**What the task requires**
Write out every entry exactly as given, but omit the pictures.

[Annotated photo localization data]
####
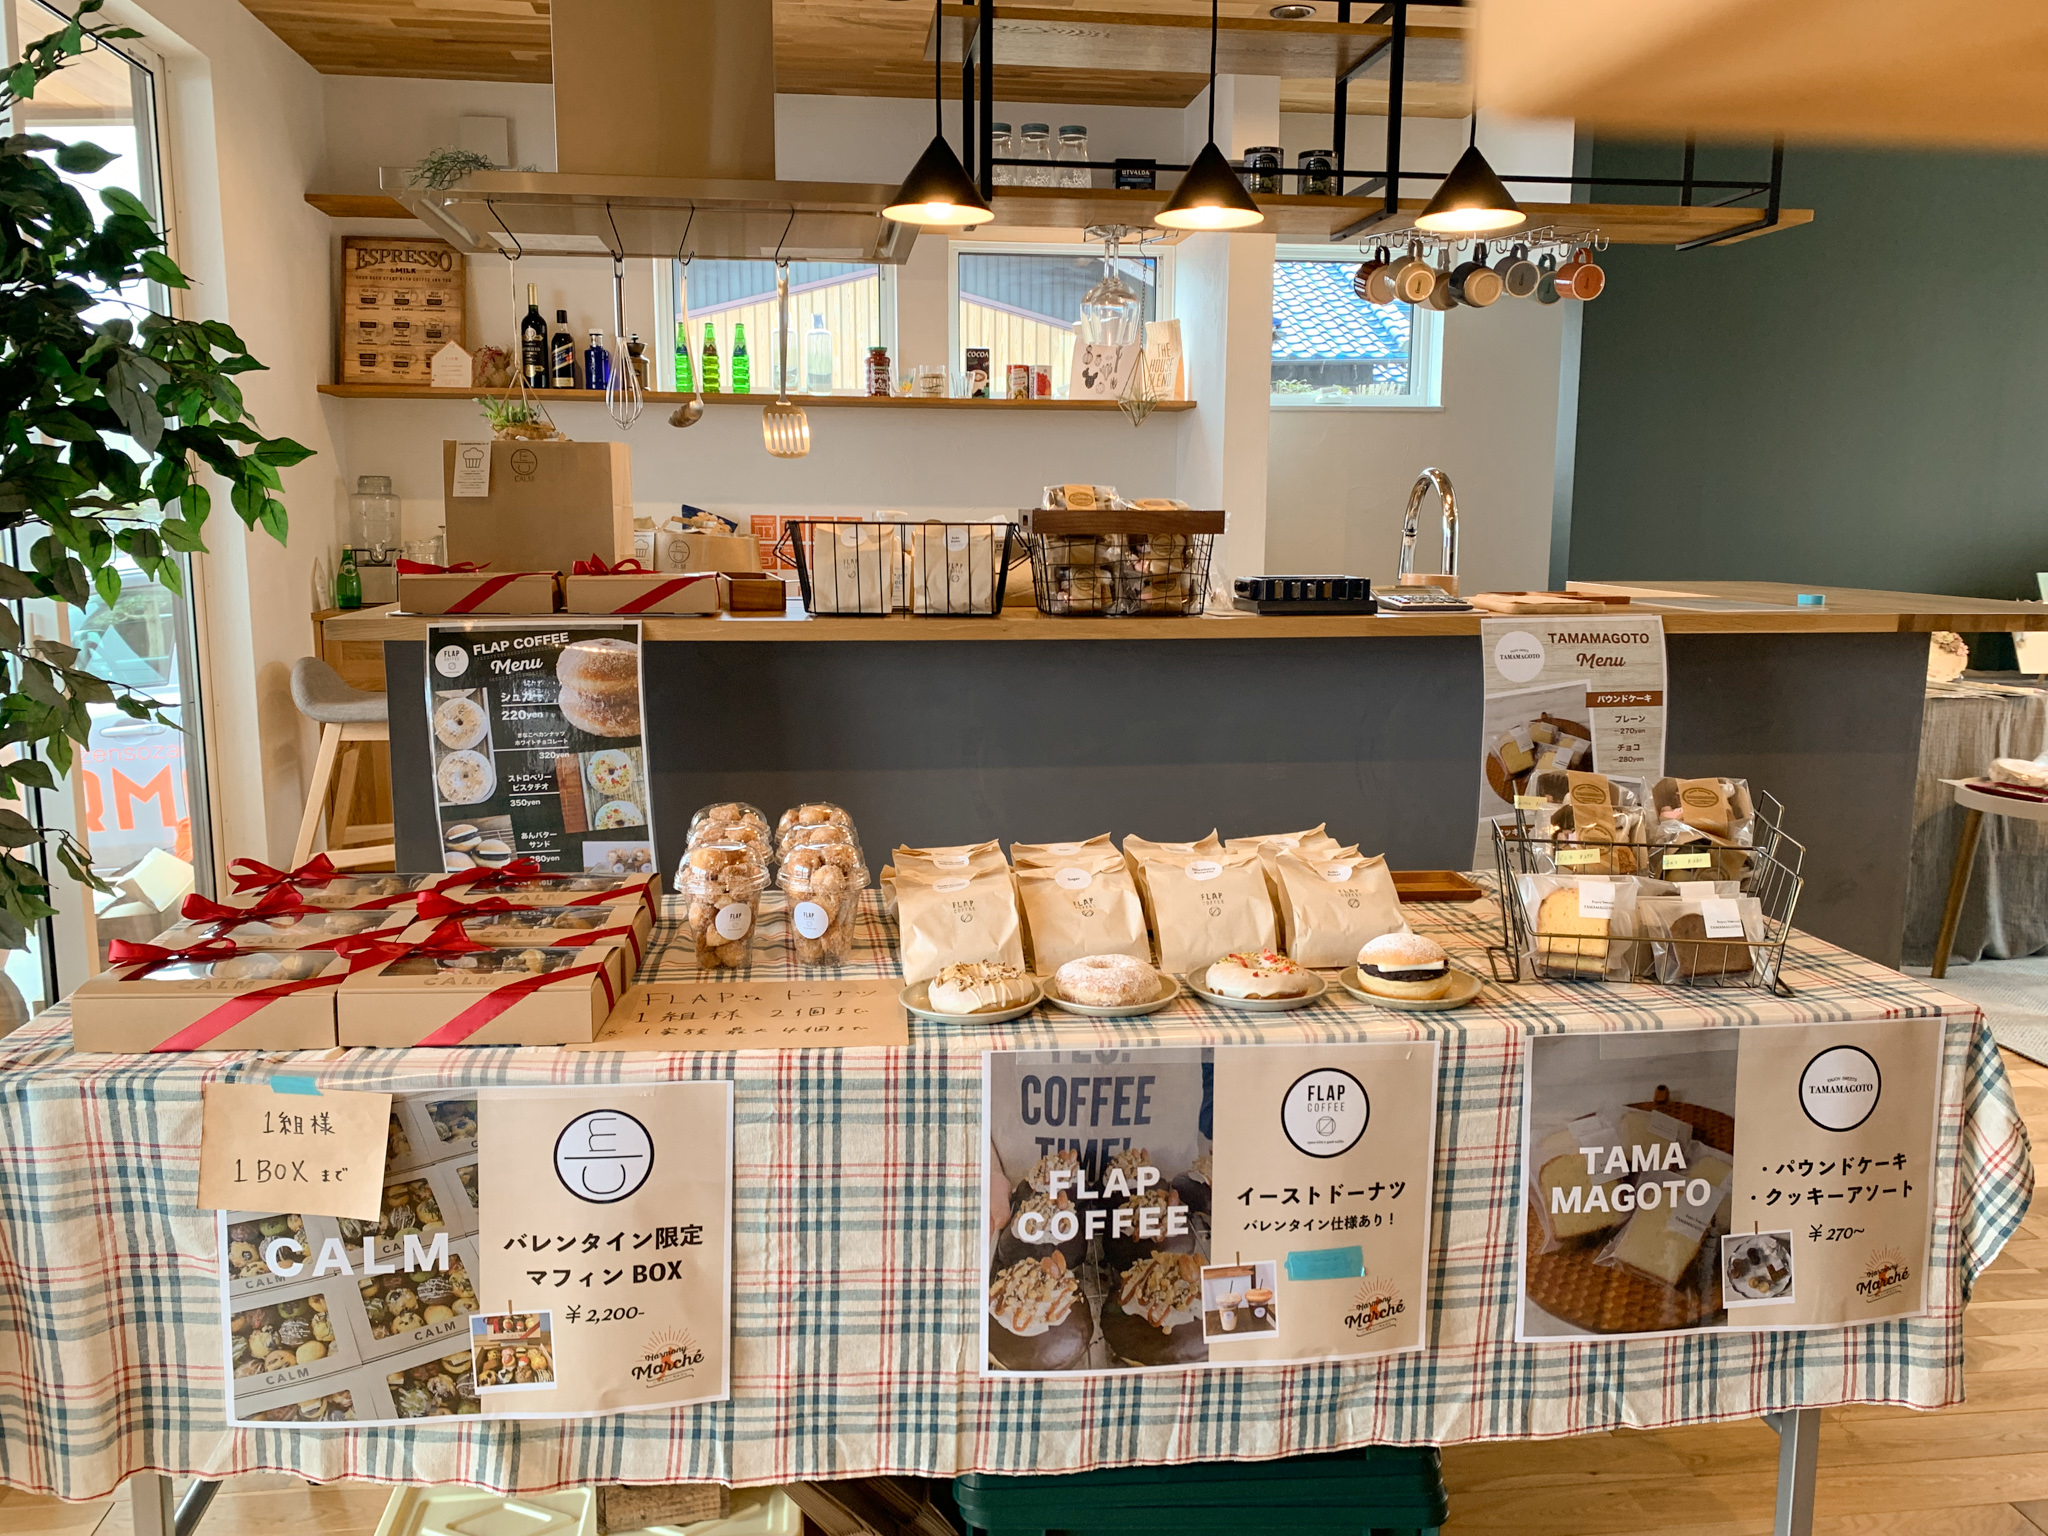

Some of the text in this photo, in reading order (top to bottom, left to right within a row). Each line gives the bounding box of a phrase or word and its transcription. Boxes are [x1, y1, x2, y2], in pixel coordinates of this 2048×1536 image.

[355, 248, 452, 272] ESPRESSO
[1157, 343, 1170, 358] THE
[1150, 358, 1174, 373] HOUSE
[1147, 373, 1172, 388] BLEND
[473, 632, 569, 656] FLAP COFFEE
[1548, 633, 1649, 644] TAMAMAGOTO
[490, 657, 544, 676] Menu
[1576, 653, 1626, 669] Menu
[1597, 694, 1652, 704] パウンドケーキ
[501, 709, 544, 721] 220yen
[1614, 715, 1646, 723] プレーン
[1617, 743, 1640, 751] チョコ
[539, 751, 569, 760] 320yen
[510, 798, 541, 808] 350yen
[521, 830, 557, 840] あんバター
[529, 840, 551, 849] サンド
[952, 899, 974, 909] FLAP
[1201, 892, 1223, 901] FLAP
[729, 912, 742, 920] FLAP
[479, 930, 546, 938] CALM
[178, 980, 255, 990] CALM
[423, 977, 497, 986] CALM
[1307, 1084, 1346, 1101] FLAP
[1809, 1083, 1873, 1094] TAMAMAGOTO
[1021, 1074, 1156, 1127] COFFEE
[1307, 1101, 1345, 1113] COFFEE
[1579, 1141, 1688, 1176] TAMA
[1049, 1166, 1161, 1200] FLAP
[1237, 1180, 1406, 1206] イーストドーナツ
[1551, 1178, 1712, 1215] MAGOTO
[1017, 1205, 1190, 1242] COFFEE
[503, 1223, 704, 1254] バレンタイン限定
[265, 1232, 449, 1277] CALM
[1856, 1266, 1910, 1295] Marché
[1344, 1299, 1406, 1329] Marché
[414, 1320, 456, 1341] CALM
[631, 1349, 705, 1381] Marché
[265, 1367, 310, 1385] CALM
####
**Answer to the problem**
Some of the text in this photo, in reading order (top to bottom, left to right within a row). Each line gives the bounding box of a phrase or word and its transcription. Boxes are [x1, y1, x2, y2], in pixel coordinates of this 2048×1536 image.

[355, 248, 452, 272] ESPRESSO
[1157, 343, 1170, 358] THE
[1150, 358, 1174, 373] HOUSE
[1147, 373, 1172, 388] BLEND
[473, 632, 569, 656] FLAP COFFEE
[1548, 633, 1649, 644] TAMAMAGOTO
[490, 657, 544, 676] Menu
[1576, 653, 1626, 669] Menu
[1597, 694, 1652, 704] パウンドケーキ
[501, 709, 544, 721] 220yen
[1614, 715, 1646, 723] プレーン
[1617, 743, 1640, 751] チョコ
[539, 751, 569, 760] 320yen
[510, 798, 541, 808] 350yen
[521, 830, 557, 840] あんバター
[529, 840, 551, 849] サンド
[952, 899, 974, 909] FLAP
[1201, 892, 1223, 901] FLAP
[729, 912, 742, 920] FLAP
[479, 930, 546, 938] CALM
[178, 980, 255, 990] CALM
[423, 977, 497, 986] CALM
[1307, 1084, 1346, 1101] FLAP
[1809, 1083, 1873, 1094] TAMAMAGOTO
[1021, 1074, 1156, 1127] COFFEE
[1307, 1101, 1345, 1113] COFFEE
[1579, 1141, 1688, 1176] TAMA
[1049, 1166, 1161, 1200] FLAP
[1237, 1180, 1406, 1206] イーストドーナツ
[1551, 1178, 1712, 1215] MAGOTO
[1017, 1205, 1190, 1242] COFFEE
[503, 1223, 704, 1254] バレンタイン限定
[265, 1232, 449, 1277] CALM
[1856, 1266, 1910, 1295] Marché
[1344, 1299, 1406, 1329] Marché
[414, 1320, 456, 1341] CALM
[631, 1349, 705, 1381] Marché
[265, 1367, 310, 1385] CALM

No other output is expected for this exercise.